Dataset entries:
************

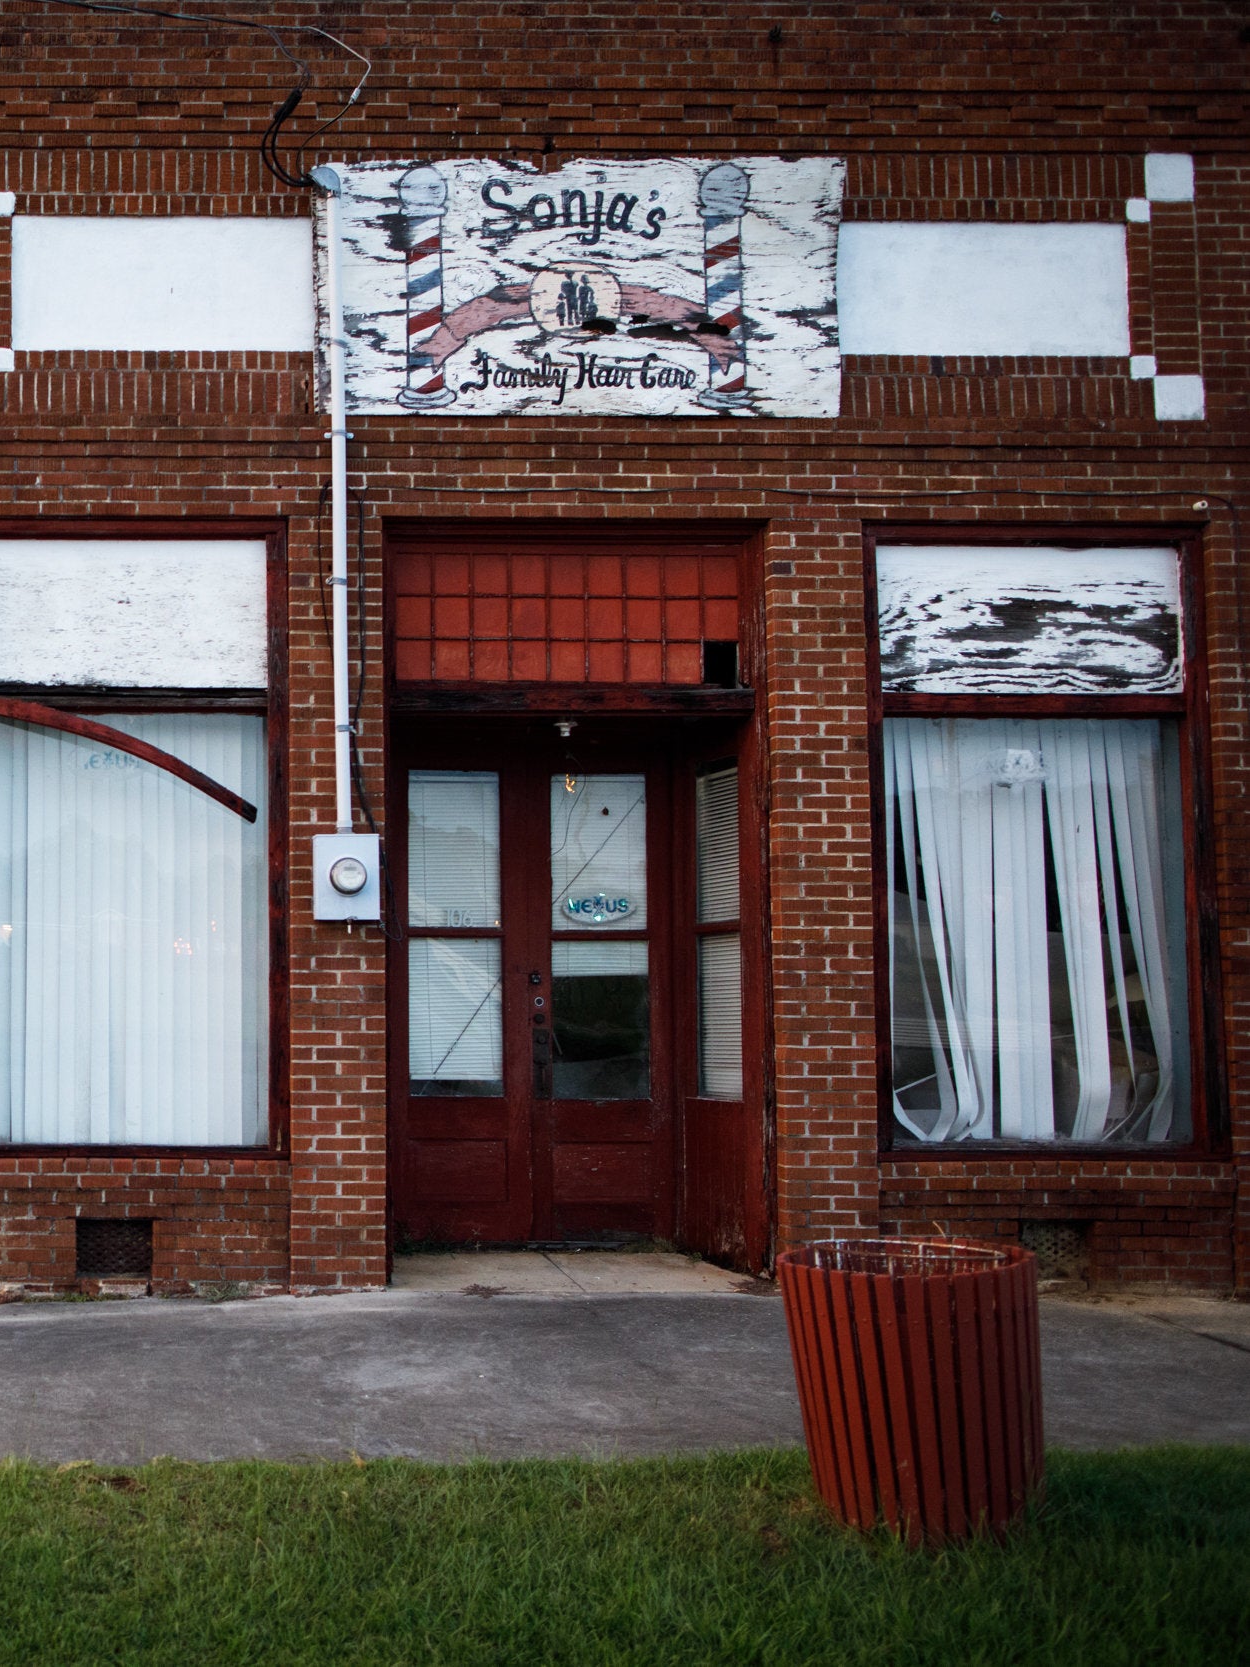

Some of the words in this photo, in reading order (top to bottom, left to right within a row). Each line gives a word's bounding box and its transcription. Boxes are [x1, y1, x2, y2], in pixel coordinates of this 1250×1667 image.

[481, 178, 667, 245] Sonja's
[459, 349, 568, 405] Family
[573, 352, 635, 390] Hair
[639, 352, 697, 390] Care
[446, 908, 474, 927] 106
[568, 896, 629, 914] NEXUS

************

• _Exercise_: Each record above needs to be retyped exactly, without any pictures.

• _Task solution_:
Some of the words in this photo, in reading order (top to bottom, left to right within a row). Each line gives a word's bounding box and its transcription. Boxes are [x1, y1, x2, y2], in pixel coordinates of this 1250×1667 image.

[481, 178, 667, 245] Sonja's
[459, 349, 568, 405] Family
[573, 352, 635, 390] Hair
[639, 352, 697, 390] Care
[446, 908, 474, 927] 106
[568, 896, 629, 914] NEXUS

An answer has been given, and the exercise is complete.